If not mentioned its likely a module in [HPI](https://github.com/purarue/HPI)

I periodically index all my data [in the background](https://purarue.xyz/d/my_feed_index_bg.job?redirect):

```
Extracting my_feed.sources.listens.history...
Extracting my_feed.sources.listens.history: 5388 items (took 0.14 seconds)
Extracting my_feed.sources.games.steam...
Extracting my_feed.sources.games.steam: 285 items (took 0.01 seconds)
Extracting my_feed.sources.games.osrs...
Extracting my_feed.sources.games.osrs: 924 items (took 0.03 seconds)
Extracting my_feed.sources.games.game_center...
Extracting my_feed.sources.games.game_center: 141 items (took 0.02 seconds)
Extracting my_feed.sources.games.grouvee...
Extracting my_feed.sources.games.grouvee: 243 items (took 0.15 seconds)
Extracting my_feed.sources.games.chess...
Extracting my_feed.sources.games.chess: 681 items (took 2.98 seconds)
Extracting my_feed.sources.trakt.history...
Extracting my_feed.sources.trakt.history: 15327 items (took 11.51 seconds)
Extracting my_feed.sources.mpv.history...
Extracting my_feed.sources.mpv.history: 13807 items (took 13.67 seconds)
Extracting my_feed.sources.nextalbums.history...
Extracting my_feed.sources.nextalbums.history: 1938 items (took 2.36 seconds)
Extracting my_feed.sources.mal.history...
Extracting my_feed.sources.mal.history: 20865 items (took 3.58 seconds)
Total: 59599 items
Writing to 'backend/data/1644267551.json'
```

... which then gets synced up and combined into the `sqlite` database on the [`backend`](./backend/); all handled by [`feed_index`](./scripts/feed_index)

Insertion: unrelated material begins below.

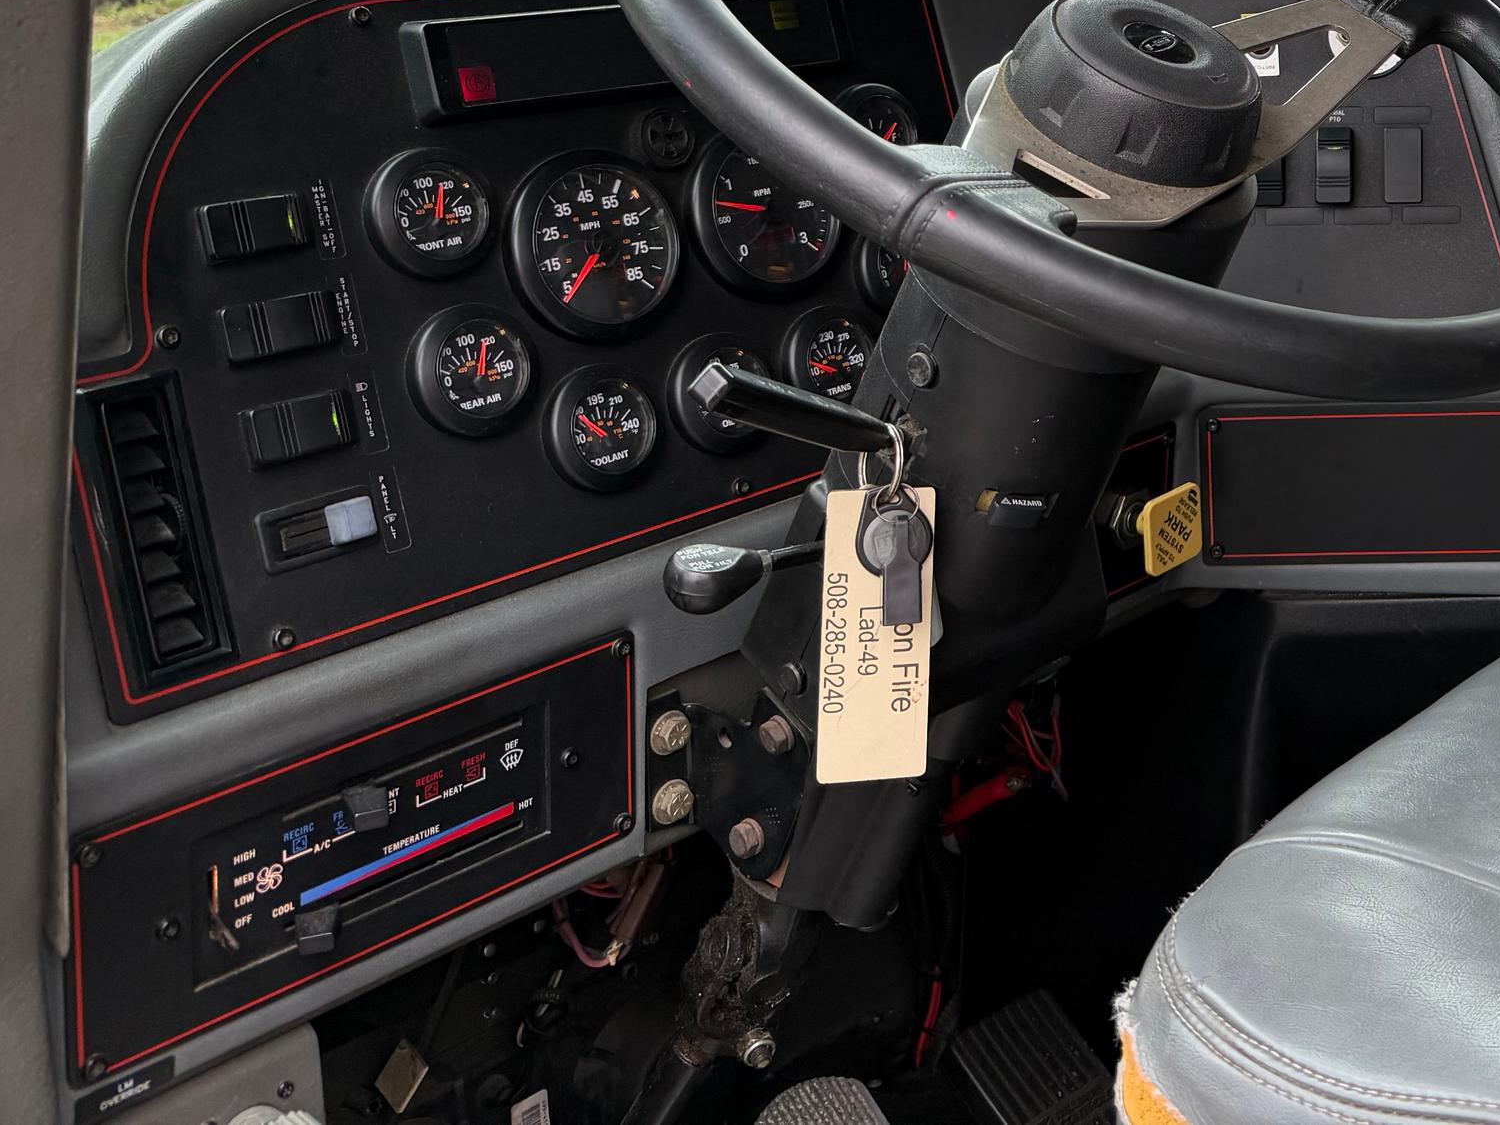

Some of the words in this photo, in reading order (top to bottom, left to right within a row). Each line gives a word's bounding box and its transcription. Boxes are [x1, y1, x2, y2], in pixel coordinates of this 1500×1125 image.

That has a [front-end](https://purarue.xyz/feed/) so I can view/filter/sort stuff and view the data as an infinite scrollable list

Served with `nginx` in prod, like:

```
location /feed/ {
  proxy_pass http://127.0.0.1:4500/feed;
}

location /feed/_next/ {
  # required since the above proxy pass doesn't end with '/'
  proxy_pass http://127.0.0.1:4500/feed/_next/;
}

location /feed_api/ {
  proxy_pass http://127.0.0.1:5100/;
}
```

### Install/Config:

For the python library:

```bash
git clone https://github.com/purarue/my_feed
pip install -e ./my_feed
```

... installs `my_feed` (or `python3 -m my_feed`)

This uses the `HPI` config structure (which you'd probably already have setup if you're using this)

To install dependencies for the servers, check the [frontend](./frontend/) and [backend](./backend/) directories.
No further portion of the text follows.